## Work to complete
Everything in the listing must be repeated word for word.

## Available records
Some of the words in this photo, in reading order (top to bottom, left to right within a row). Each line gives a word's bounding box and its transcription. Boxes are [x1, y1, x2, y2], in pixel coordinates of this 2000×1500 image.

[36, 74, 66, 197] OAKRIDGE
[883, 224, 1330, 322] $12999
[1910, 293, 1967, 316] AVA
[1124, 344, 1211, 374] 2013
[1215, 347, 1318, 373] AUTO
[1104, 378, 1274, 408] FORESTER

## Answer box
Some of the words in this photo, in reading order (top to bottom, left to right within a row). Each line gives a word's bounding box and its transcription. Boxes are [x1, y1, x2, y2], in pixel coordinates of this 2000×1500 image.

[36, 74, 66, 197] OAKRIDGE
[883, 224, 1330, 322] $12999
[1910, 293, 1967, 316] AVA
[1124, 344, 1211, 374] 2013
[1215, 347, 1318, 373] AUTO
[1104, 378, 1274, 408] FORESTER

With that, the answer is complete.